_Task description_
Nothing but the text of the listing, repeated exactly, belongs in the answer; leave the images out.

### Information supplied ###

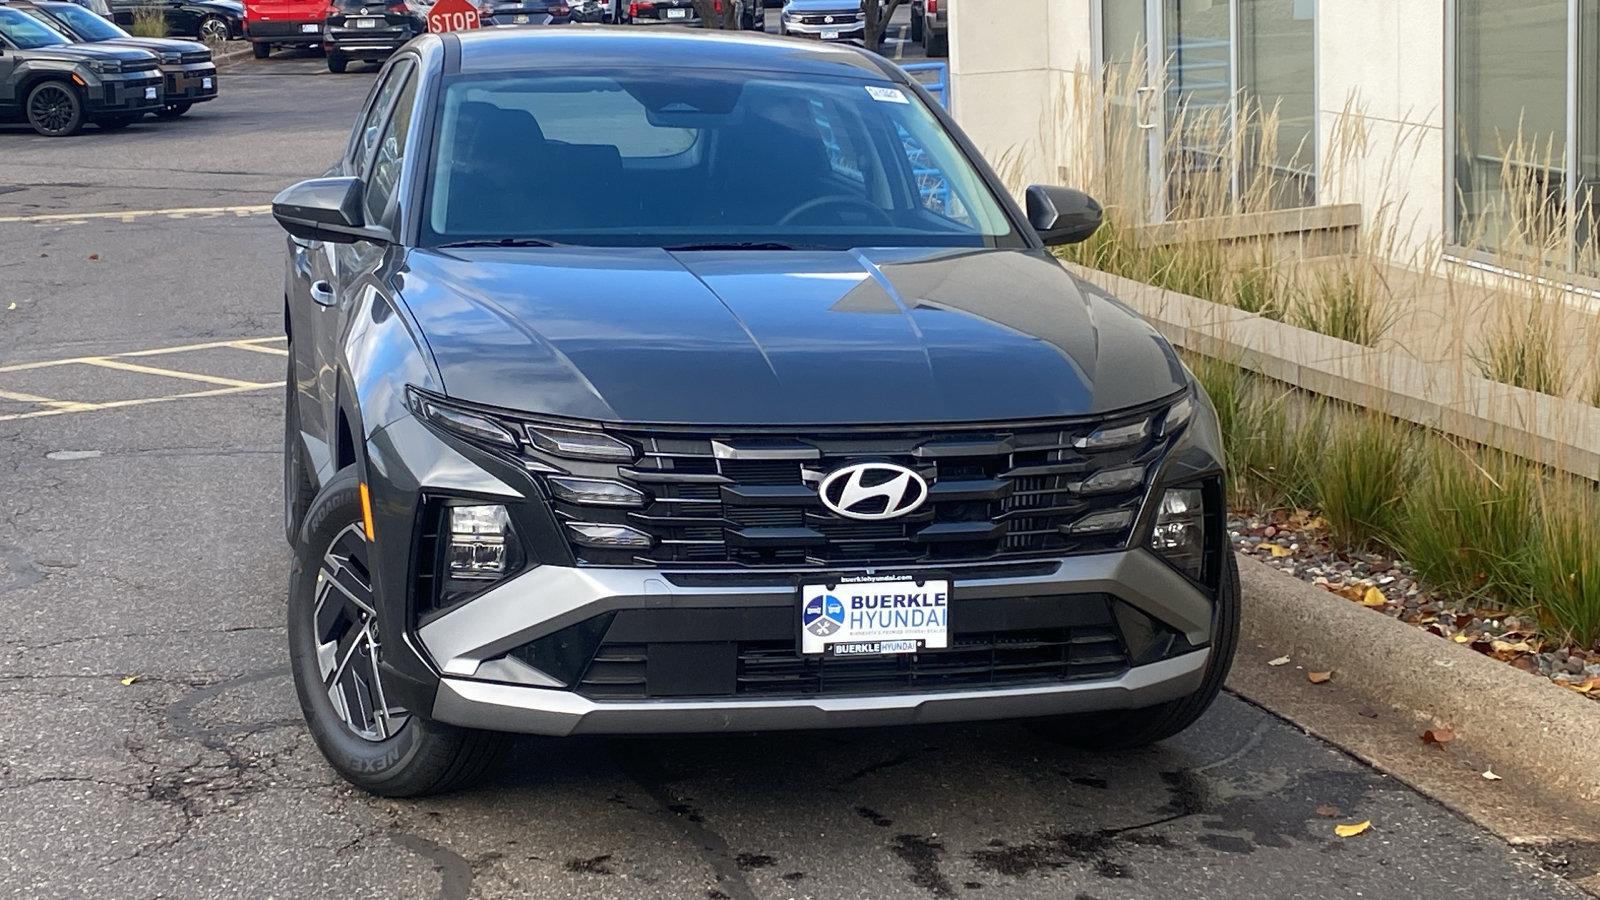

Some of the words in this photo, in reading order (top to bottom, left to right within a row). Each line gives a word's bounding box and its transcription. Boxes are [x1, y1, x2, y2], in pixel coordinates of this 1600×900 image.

[431, 11, 476, 33] STOP
[851, 593, 946, 609] BUERKLE
[850, 608, 946, 629] HYUNDAI
[835, 643, 880, 654] BUERKLE
[881, 640, 915, 651] HYUNDAI
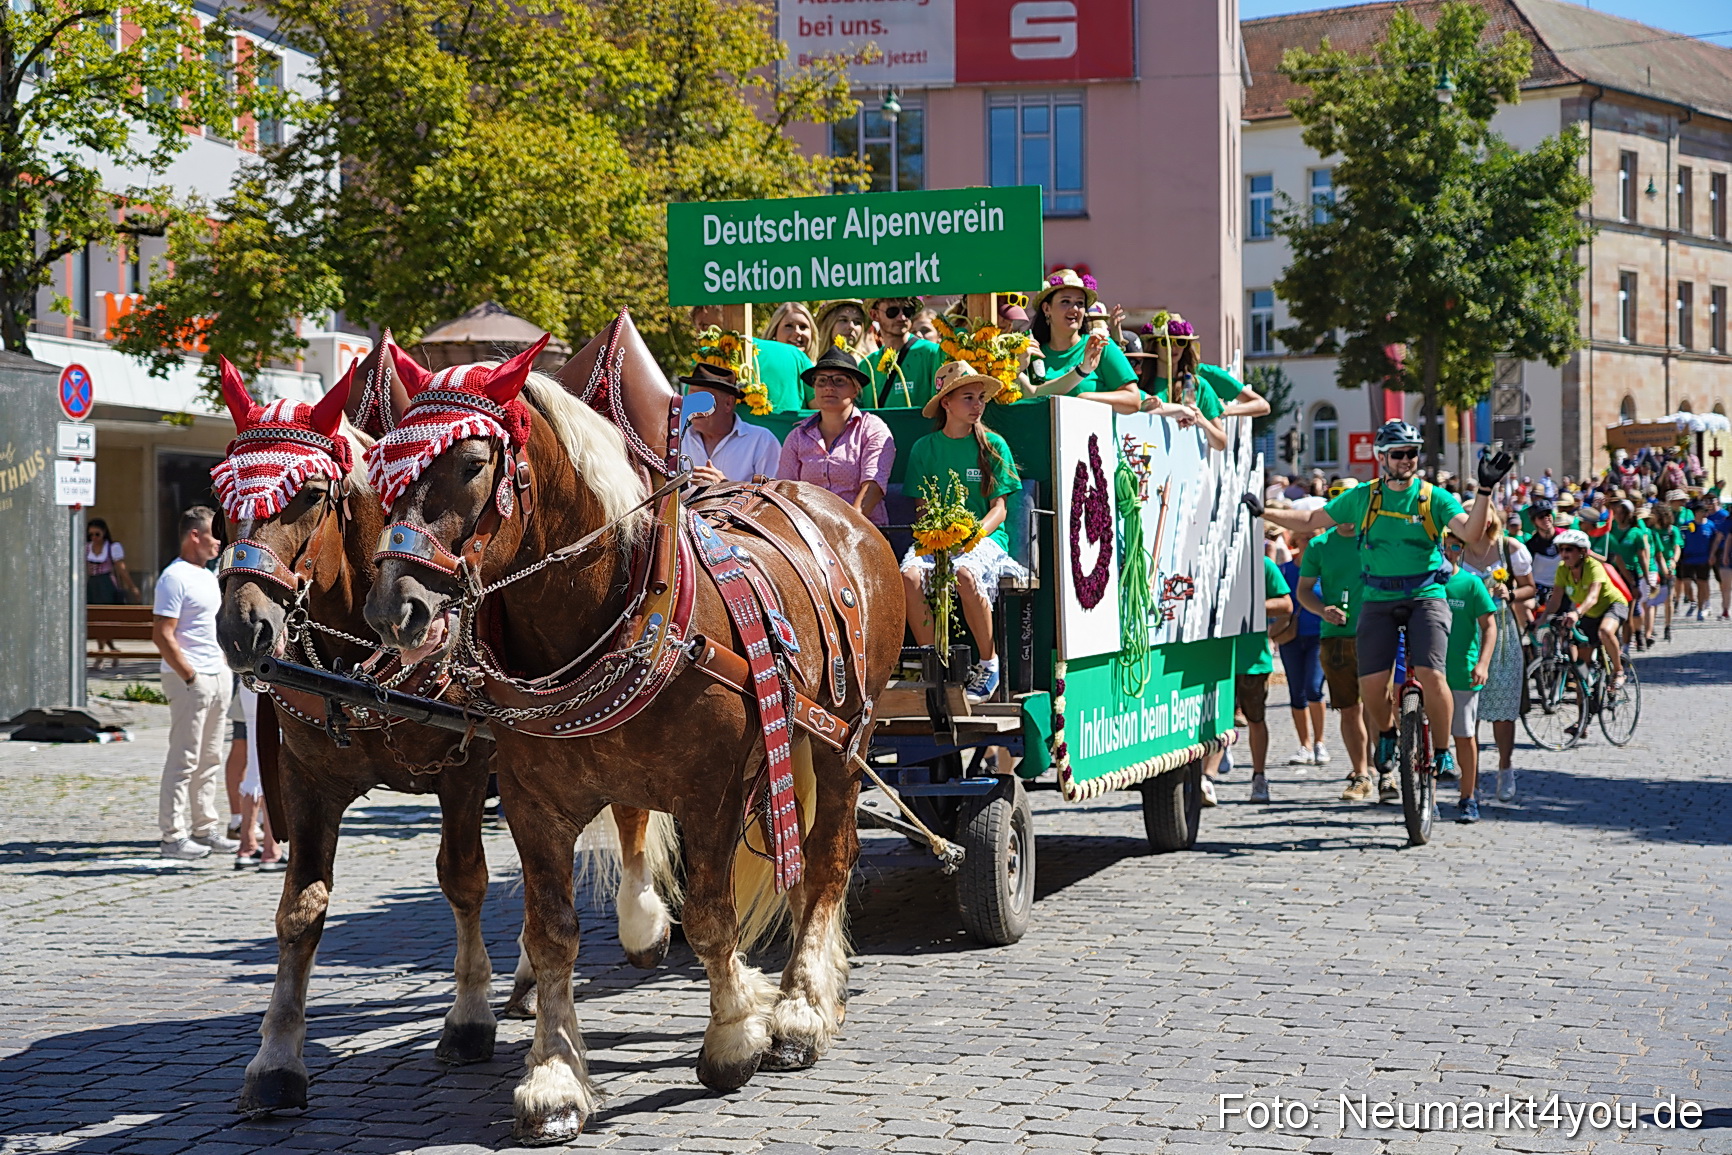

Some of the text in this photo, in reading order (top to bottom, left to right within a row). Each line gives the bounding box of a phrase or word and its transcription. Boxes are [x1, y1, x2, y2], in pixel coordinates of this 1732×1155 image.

[798, 15, 889, 37] bei uns.
[887, 50, 928, 68] jetzt!
[703, 199, 1005, 246] Deutscher Alpenverein
[703, 251, 940, 293] Sektion Neumarkt
[1079, 682, 1220, 760] Inklusion beim Bergsport

###

_Solution to this exercise_
Some of the words in this photo, in reading order (top to bottom, left to right within a row). Each line gives a word's bounding box and its transcription. Boxes are [x1, y1, x2, y2], in pixel coordinates of this 1600×900 image.

[431, 11, 476, 33] STOP
[851, 593, 946, 609] BUERKLE
[850, 608, 946, 629] HYUNDAI
[835, 643, 880, 654] BUERKLE
[881, 640, 915, 651] HYUNDAI

Some of the text in this photo, in reading order (top to bottom, left to right within a row). Each line gives the bounding box of a phrase or word and its transcription. Boxes are [x1, y1, x2, y2], in pixel coordinates of this 1732×1155 image.

[798, 15, 889, 37] bei uns.
[887, 50, 928, 68] jetzt!
[703, 199, 1005, 246] Deutscher Alpenverein
[703, 251, 940, 293] Sektion Neumarkt
[1079, 682, 1220, 760] Inklusion beim Bergsport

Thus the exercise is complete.